Luminescence
- Discipline: Biochemistry
- Language: English
- Edited by: Yi Lv

Publication details
- Former name(s): Journal of Bioluminescence and Chemiluminescence
- History: 1986-present
- Publisher: John Wiley & Sons
- Frequency: Monthly
- Open access: Hybrid
- Impact factor: 2.464 (2020)

Standard abbreviations
- ISO 4: Luminescence

Indexing
- CODEN: LUMIFC
- ISSN: 1522-7235 (print) 1522-7243 (web)
- LCCN: sn99047451
- OCLC no.: 488597914

Links
- Journal homepage; Online access; Online archive;

= Luminescence (journal) =

Luminescence: The Journal of Biological and Chemical Luminescence is a monthly peer-reviewed scientific journal publishing original scientific papers, short communications, technical notes, and reviews on fundamental and applied aspects of all forms of luminescence, including bioluminescence, chemiluminescence, electrochemiluminescence, sonoluminescence, triboluminescence, fluorescence, time-resolved fluorescence, and phosphorescence. The current editor-in-chief is Yi Lv (Sichuan University). It was established in 1986 by John Wiley & Sons as the Journal of Bioluminescence and Chemiluminescence and obtained its current title in 1999.
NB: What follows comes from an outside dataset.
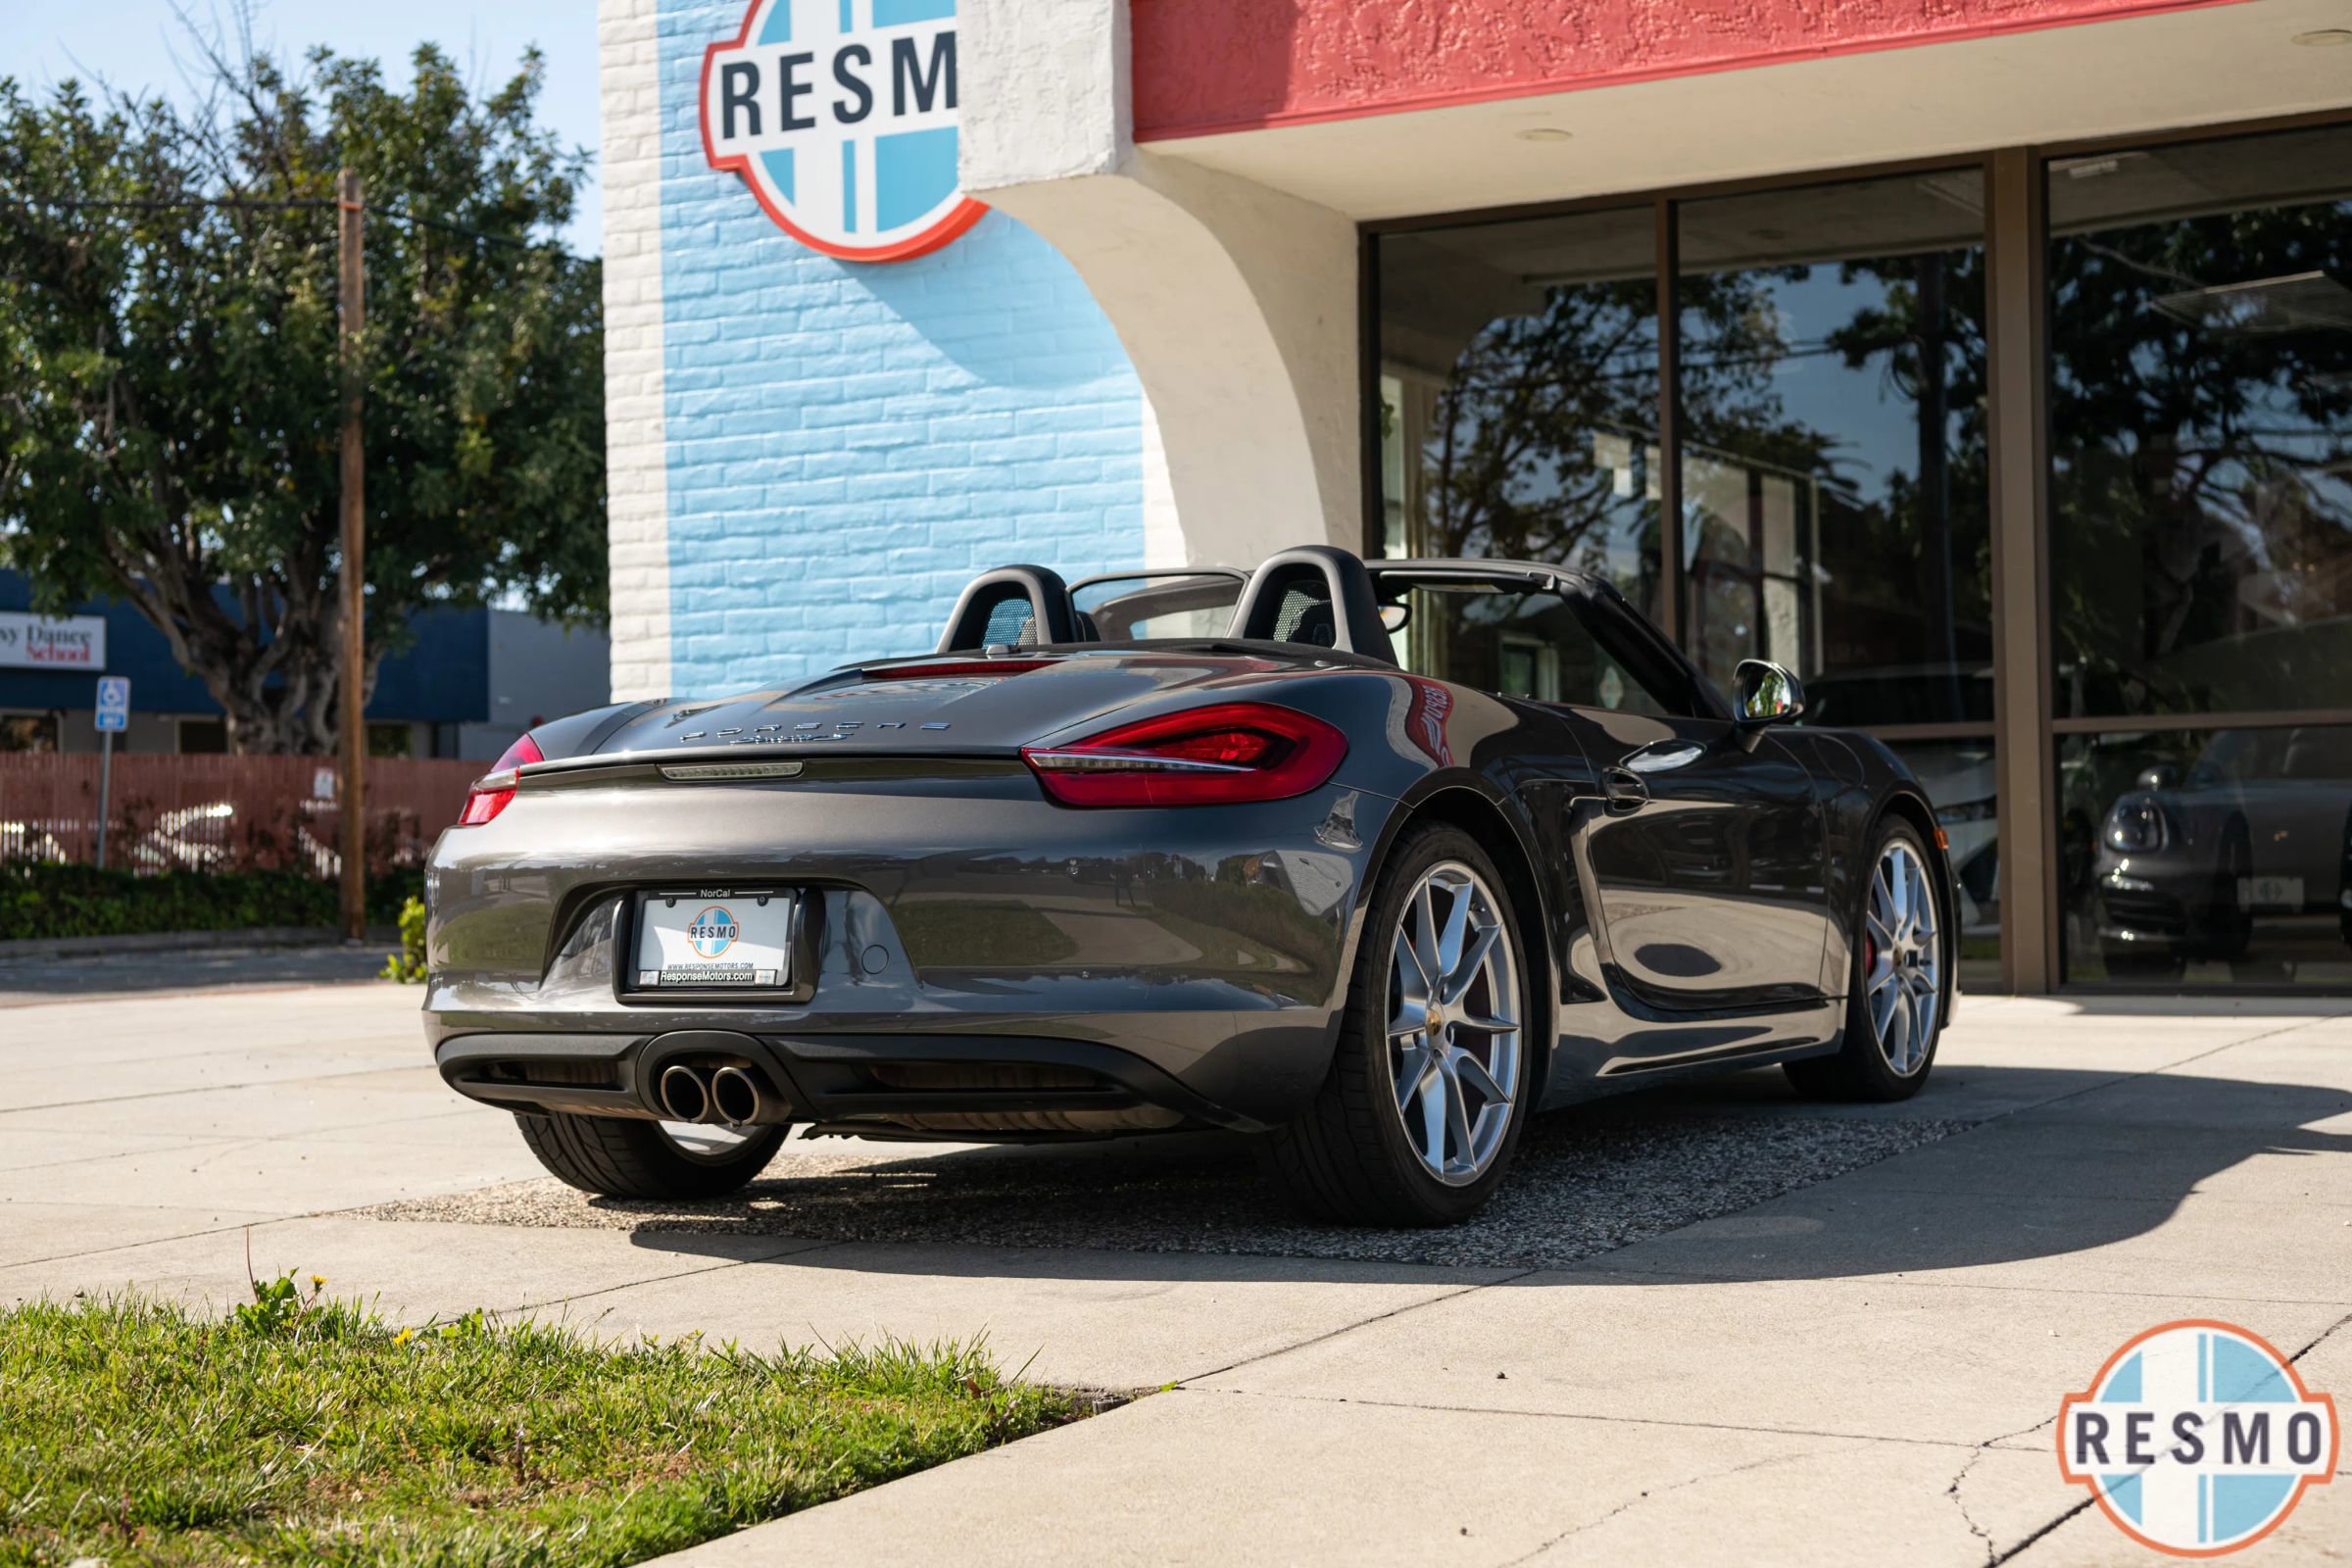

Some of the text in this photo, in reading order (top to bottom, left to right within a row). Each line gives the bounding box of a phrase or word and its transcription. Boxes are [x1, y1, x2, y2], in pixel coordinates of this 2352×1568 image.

== Abstracting and indexing ==
Luminescence is abstracted and indexed in:

- Elsevier BIOBASE
- Biochemistry & Biophysics Citation Index
- Biological Abstracts
- BIOSIS Previews
- CAB Abstracts
- Chemical Abstracts Service
- Current Contents/Life Sciences
- Index Medicus/MEDLINE
- Inspec
- METADEX
- Science Citation Index
- Scopus
- VINITI Database RAS
- The Zoological Record

According to the Journal Citation Reports, the journal has a 2020 impact factor of 2.464, ranking it 55th out of 87 journals in the category of "Chemistry, Analytical".

== Highest cited papers ==
According to the Web of Science, the most-cited papers published in Luminescence are:
1. "The red-edge effects: 30 years of exploration", Volume 17, Issue 1, Jan-Feb 2002, Pages: 19–42, Demchenko AP.
2. "Imaging of light emission from the expression of luciferases in living cells and organisms: a review", Volume 17, Issue 1, Jan-Feb 2002, Pages: 43–74, Greer LF, Szalay AA.
3. "Analytical applications of flow injection with chemiluminescence detection - a review", Volume 16, Issue 1, Jan-Feb 2001, Pages: 1-23, Fletcher P, Andrew KN, Calokerinos AC, et al.
4. "Reporter cell lines are useful tools for monitoring biological activity of nuclear receptor ligands", Volume 16, Issue 2, Mar-Apr 2001, Pages: 153–158, Balaguer P, Boussioux AM, Demirpence E, et al.